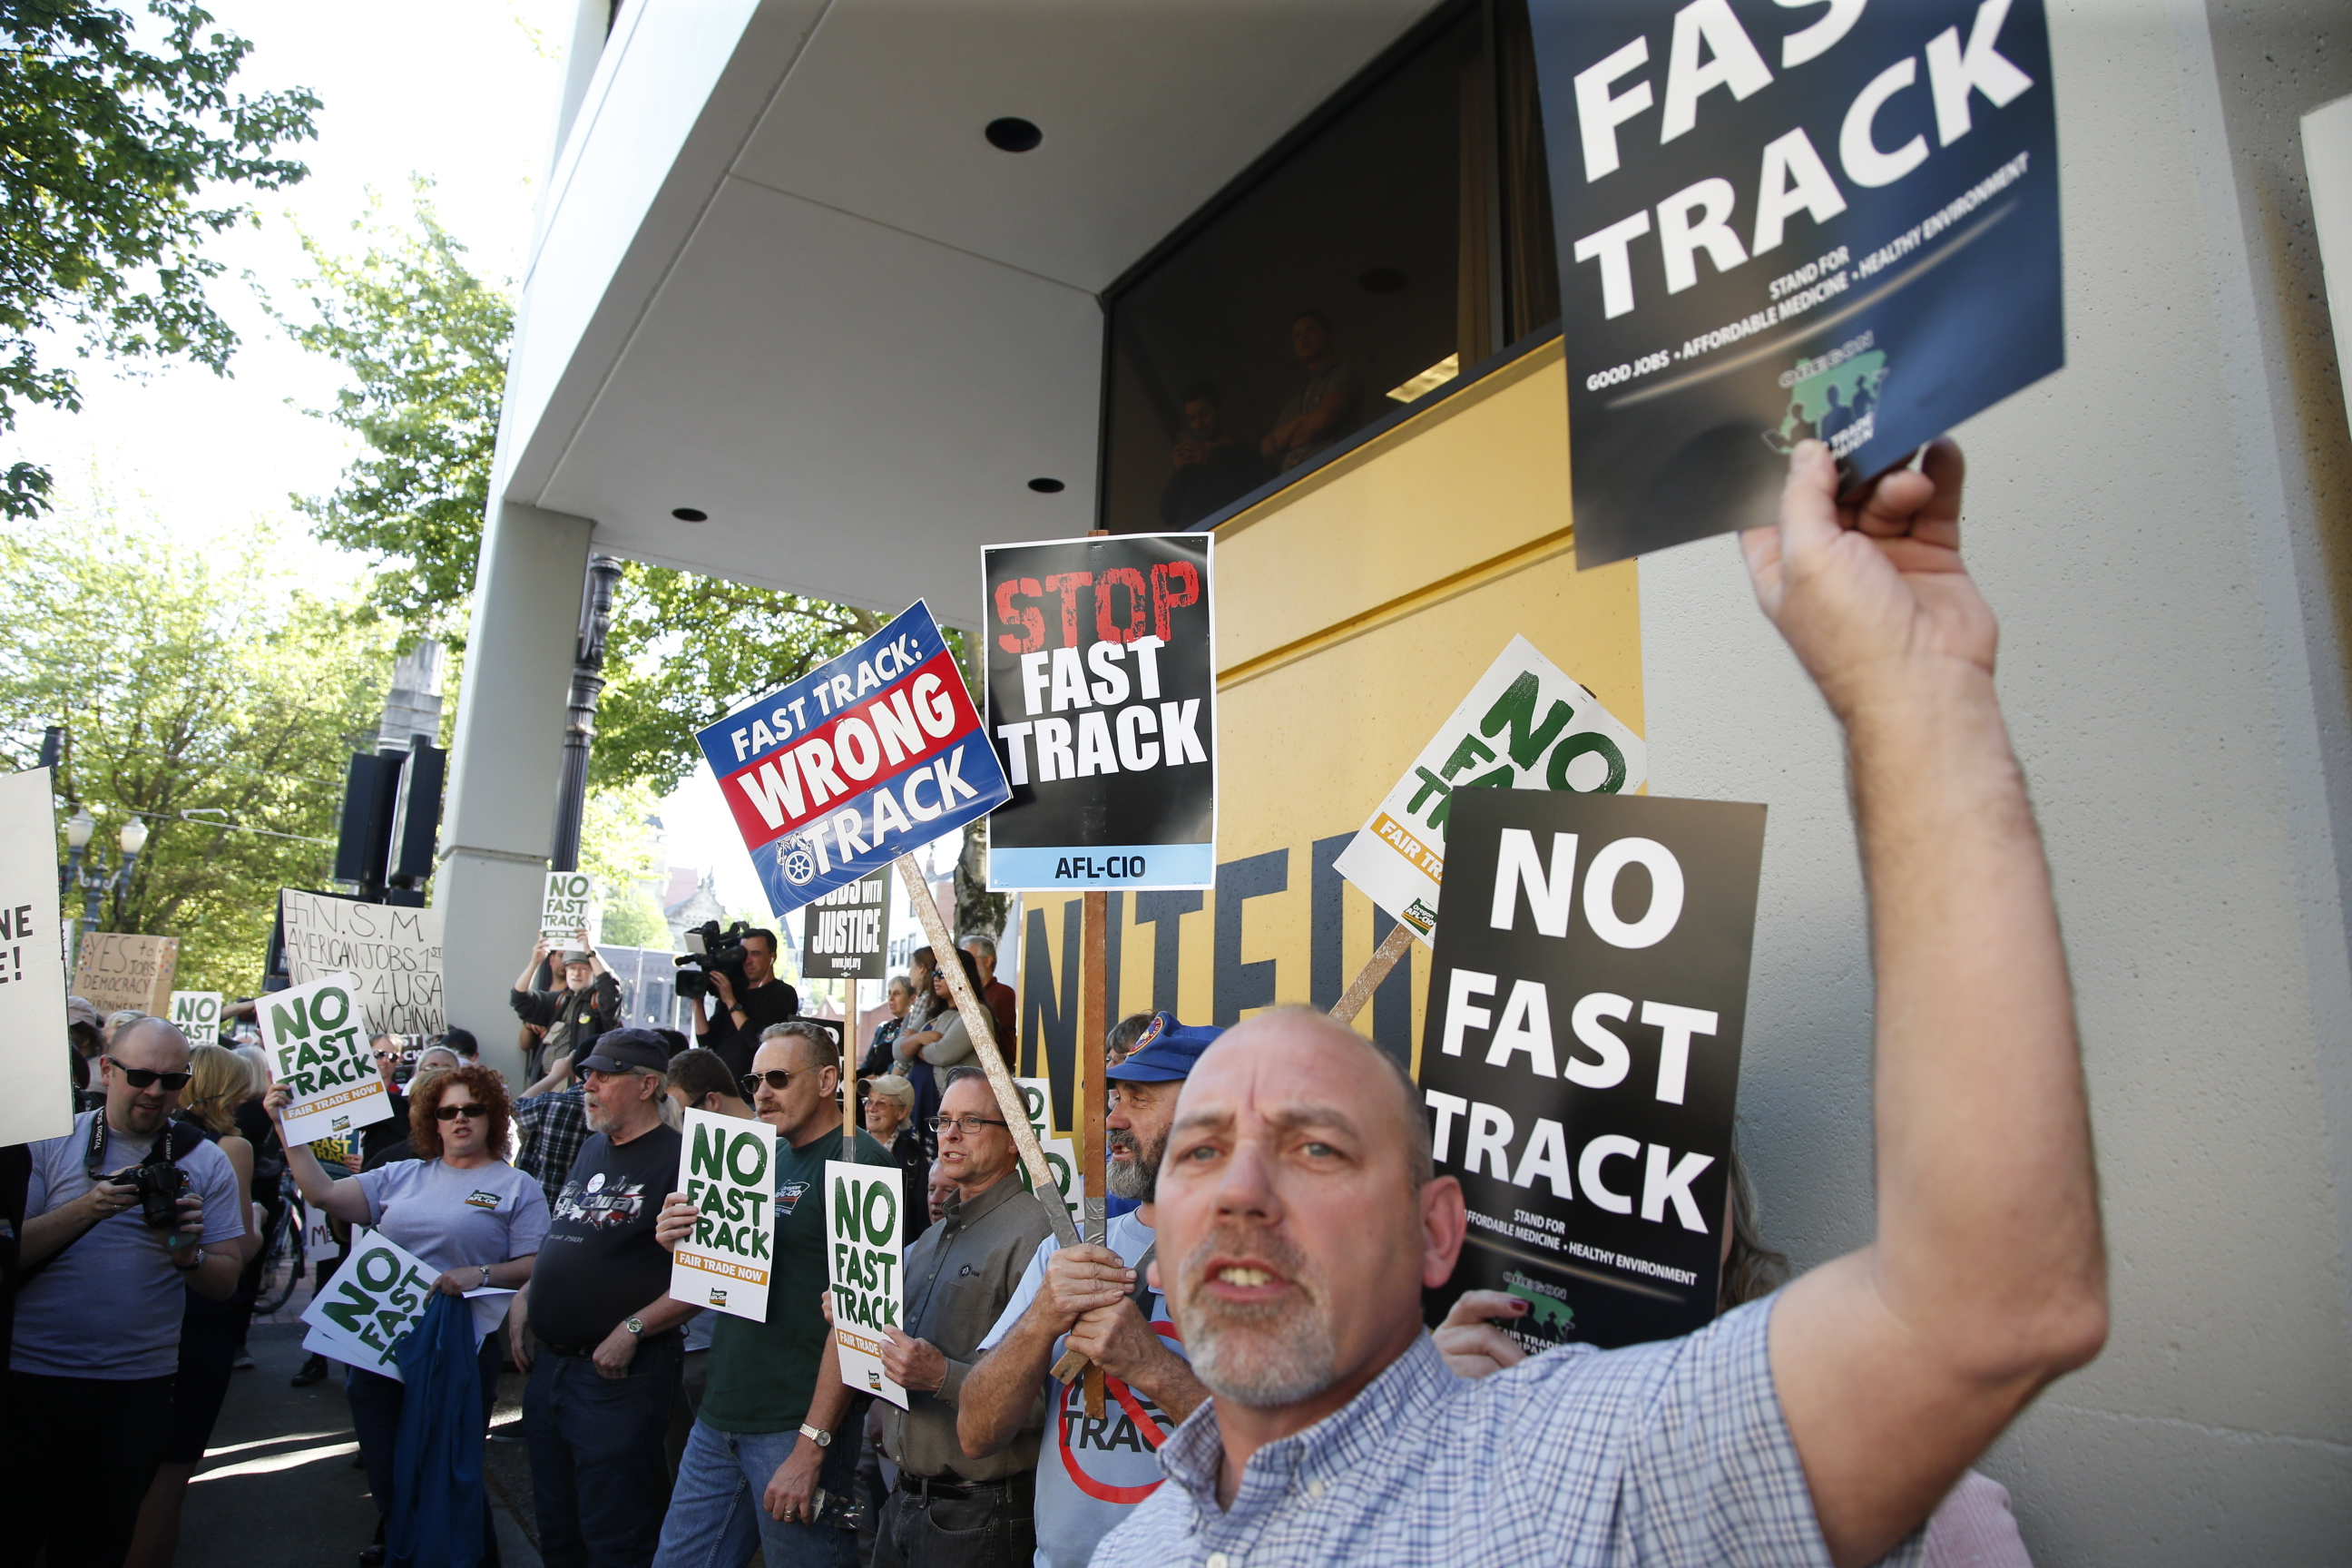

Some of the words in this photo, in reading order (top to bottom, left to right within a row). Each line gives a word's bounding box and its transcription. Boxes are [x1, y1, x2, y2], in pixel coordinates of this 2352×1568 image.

[1574, 0, 2034, 320] TRACK
[1586, 365, 1631, 392] GOOD
[1632, 349, 1670, 378] JOBS
[1681, 305, 1779, 360] AFFORDABLE
[1779, 274, 1849, 321] MEDICINE
[1858, 230, 1922, 279] HEALTHY
[1922, 151, 2030, 242] ENVIRONMENT
[1769, 263, 1818, 300] STAND
[1819, 245, 1850, 279] FOR
[994, 561, 1200, 654] STOP
[731, 696, 807, 763] FAST
[813, 632, 923, 710] TRACK:
[1021, 635, 1165, 716] FAST
[737, 671, 956, 830] WRONG
[997, 699, 1208, 787] TRACK
[1479, 670, 1627, 794] NO
[802, 744, 978, 877] TRACK
[1379, 819, 1422, 860] FAIR
[548, 876, 589, 897] NO
[1054, 856, 1146, 878] AFL-CIO
[1489, 828, 1684, 949] NO
[546, 898, 588, 914] FAST
[862, 879, 883, 904] WITH
[1412, 904, 1435, 919] Oregon
[544, 915, 585, 927] TRACK
[812, 908, 881, 954] JUSTICE
[1405, 907, 1435, 926] AFL-CIO
[90, 935, 132, 974] YES
[128, 960, 156, 977] JOBS
[288, 927, 358, 969] AMERICAN
[360, 942, 416, 972] JOBS
[83, 974, 151, 995] DEMOCRACY
[391, 973, 443, 1007] USA
[177, 997, 217, 1022] NO
[271, 986, 349, 1045] NO
[278, 1026, 358, 1076] FAST
[1441, 967, 1718, 1105] FAST
[276, 1054, 377, 1100] TRACK
[288, 1104, 314, 1118] FAIR
[314, 1093, 350, 1111] TRADE
[351, 1083, 377, 1099] NOW
[691, 1122, 768, 1187] NO
[1426, 1089, 1715, 1235] TRACK
[687, 1179, 769, 1227] FAST
[835, 1176, 897, 1247] NO
[1514, 1209, 1544, 1229] STAND
[1545, 1217, 1565, 1235] FOR
[683, 1217, 769, 1260] RACK
[1514, 1225, 1561, 1250] MEDICINE
[1569, 1240, 1615, 1265] HEALTHY
[1615, 1254, 1697, 1286] ENVIRONMENT
[321, 1247, 401, 1333] NO
[680, 1252, 701, 1268] FAIR
[703, 1259, 736, 1276] TRADE
[738, 1265, 763, 1282] NOW
[835, 1243, 897, 1296] FAST
[1503, 1271, 1567, 1299] OREGON
[358, 1265, 431, 1352] FAST
[832, 1283, 899, 1332] TRACK
[839, 1330, 856, 1349] FAIR
[856, 1336, 879, 1355] TRADE
[1063, 1410, 1179, 1454] TRAC

ASSIGNMENT
Out of the material above, gather each line where "JOBS" appears.

REPLY TO THE EXERCISE
[1632, 349, 1670, 378] JOBS
[128, 960, 156, 977] JOBS
[360, 942, 416, 972] JOBS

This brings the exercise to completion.